[Saved data entries]
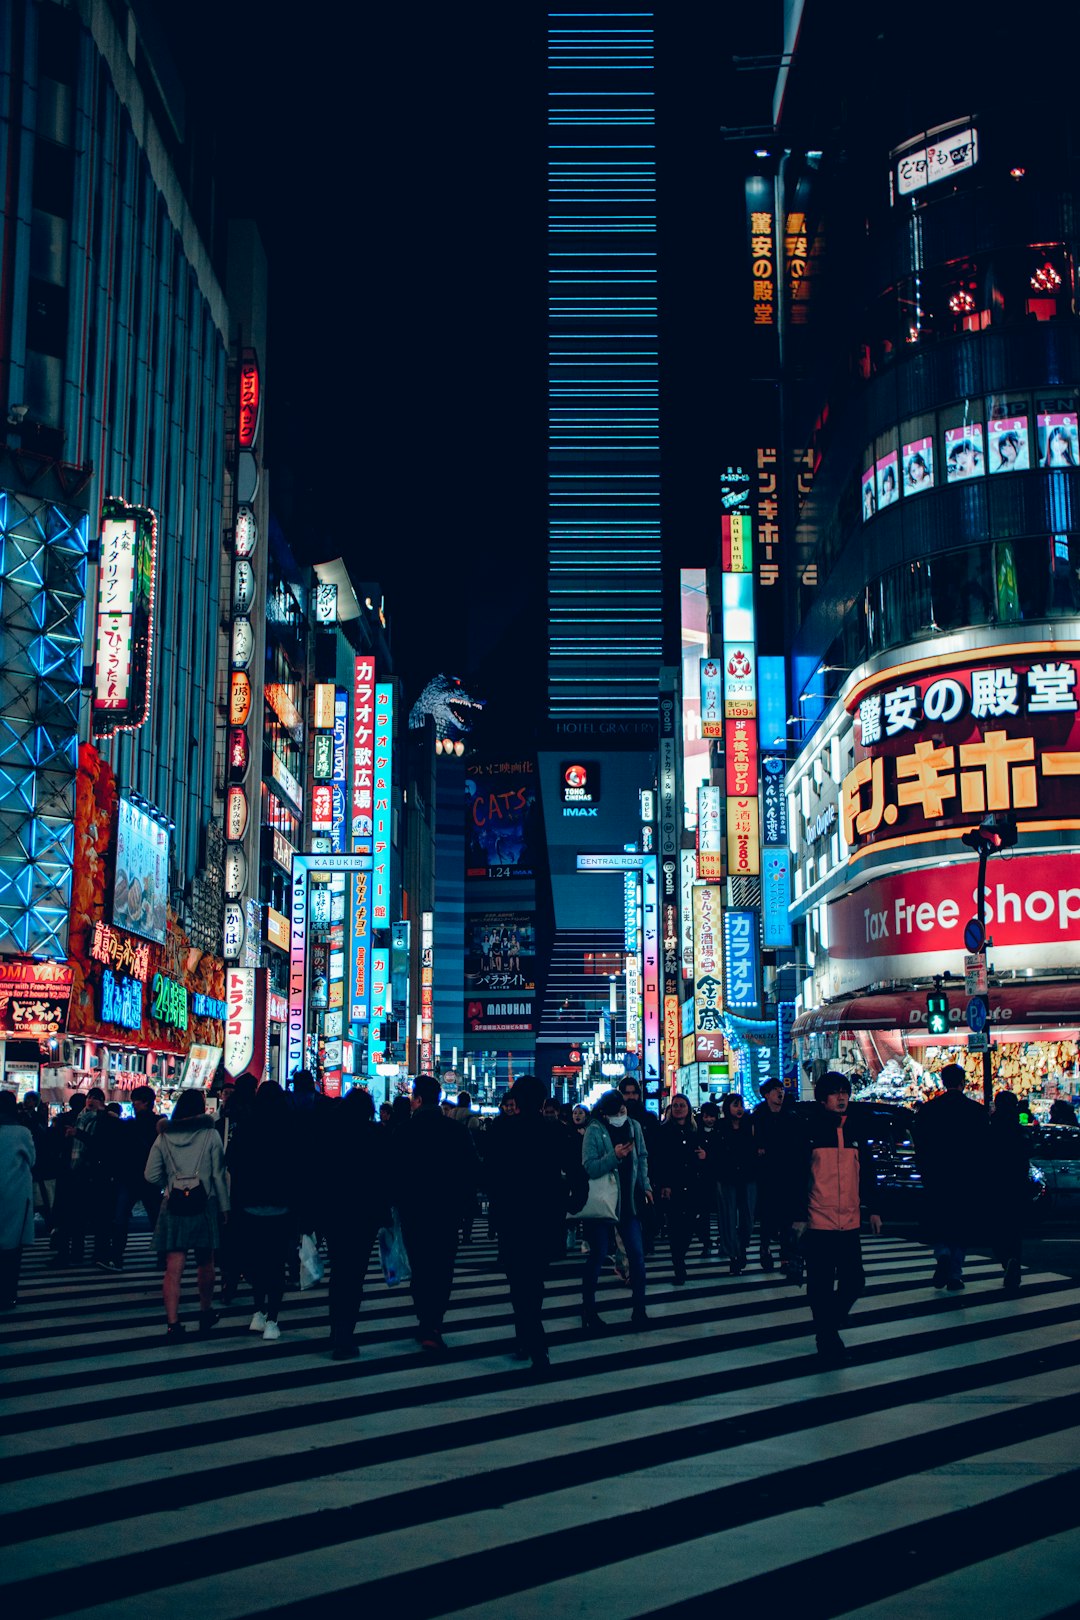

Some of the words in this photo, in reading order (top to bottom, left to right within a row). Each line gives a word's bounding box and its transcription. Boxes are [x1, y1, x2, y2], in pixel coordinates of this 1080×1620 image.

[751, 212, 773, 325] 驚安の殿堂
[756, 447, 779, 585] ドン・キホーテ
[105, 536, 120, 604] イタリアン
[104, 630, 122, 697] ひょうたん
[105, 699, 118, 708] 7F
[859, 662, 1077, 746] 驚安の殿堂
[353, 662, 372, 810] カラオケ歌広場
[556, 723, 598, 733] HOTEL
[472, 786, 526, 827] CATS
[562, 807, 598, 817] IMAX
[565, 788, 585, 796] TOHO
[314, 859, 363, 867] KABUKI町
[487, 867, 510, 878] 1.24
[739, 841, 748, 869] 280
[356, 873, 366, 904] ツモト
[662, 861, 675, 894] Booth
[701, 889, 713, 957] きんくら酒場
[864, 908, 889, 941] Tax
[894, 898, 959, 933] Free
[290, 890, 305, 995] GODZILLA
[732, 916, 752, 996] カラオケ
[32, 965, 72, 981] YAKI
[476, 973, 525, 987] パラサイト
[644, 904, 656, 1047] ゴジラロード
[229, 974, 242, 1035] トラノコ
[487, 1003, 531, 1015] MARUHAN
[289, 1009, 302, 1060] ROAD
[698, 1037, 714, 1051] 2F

## WORK INSTRUCTION
Would you please print the entries once more, word for word, minus the pictures?

## ANSWER AREA
Some of the words in this photo, in reading order (top to bottom, left to right within a row). Each line gives a word's bounding box and its transcription. Boxes are [x1, y1, x2, y2], in pixel coordinates of this 1080×1620 image.

[751, 212, 773, 325] 驚安の殿堂
[756, 447, 779, 585] ドン・キホーテ
[105, 536, 120, 604] イタリアン
[104, 630, 122, 697] ひょうたん
[105, 699, 118, 708] 7F
[859, 662, 1077, 746] 驚安の殿堂
[353, 662, 372, 810] カラオケ歌広場
[556, 723, 598, 733] HOTEL
[472, 786, 526, 827] CATS
[562, 807, 598, 817] IMAX
[565, 788, 585, 796] TOHO
[314, 859, 363, 867] KABUKI町
[487, 867, 510, 878] 1.24
[739, 841, 748, 869] 280
[356, 873, 366, 904] ツモト
[662, 861, 675, 894] Booth
[701, 889, 713, 957] きんくら酒場
[864, 908, 889, 941] Tax
[894, 898, 959, 933] Free
[290, 890, 305, 995] GODZILLA
[732, 916, 752, 996] カラオケ
[32, 965, 72, 981] YAKI
[476, 973, 525, 987] パラサイト
[644, 904, 656, 1047] ゴジラロード
[229, 974, 242, 1035] トラノコ
[487, 1003, 531, 1015] MARUHAN
[289, 1009, 302, 1060] ROAD
[698, 1037, 714, 1051] 2F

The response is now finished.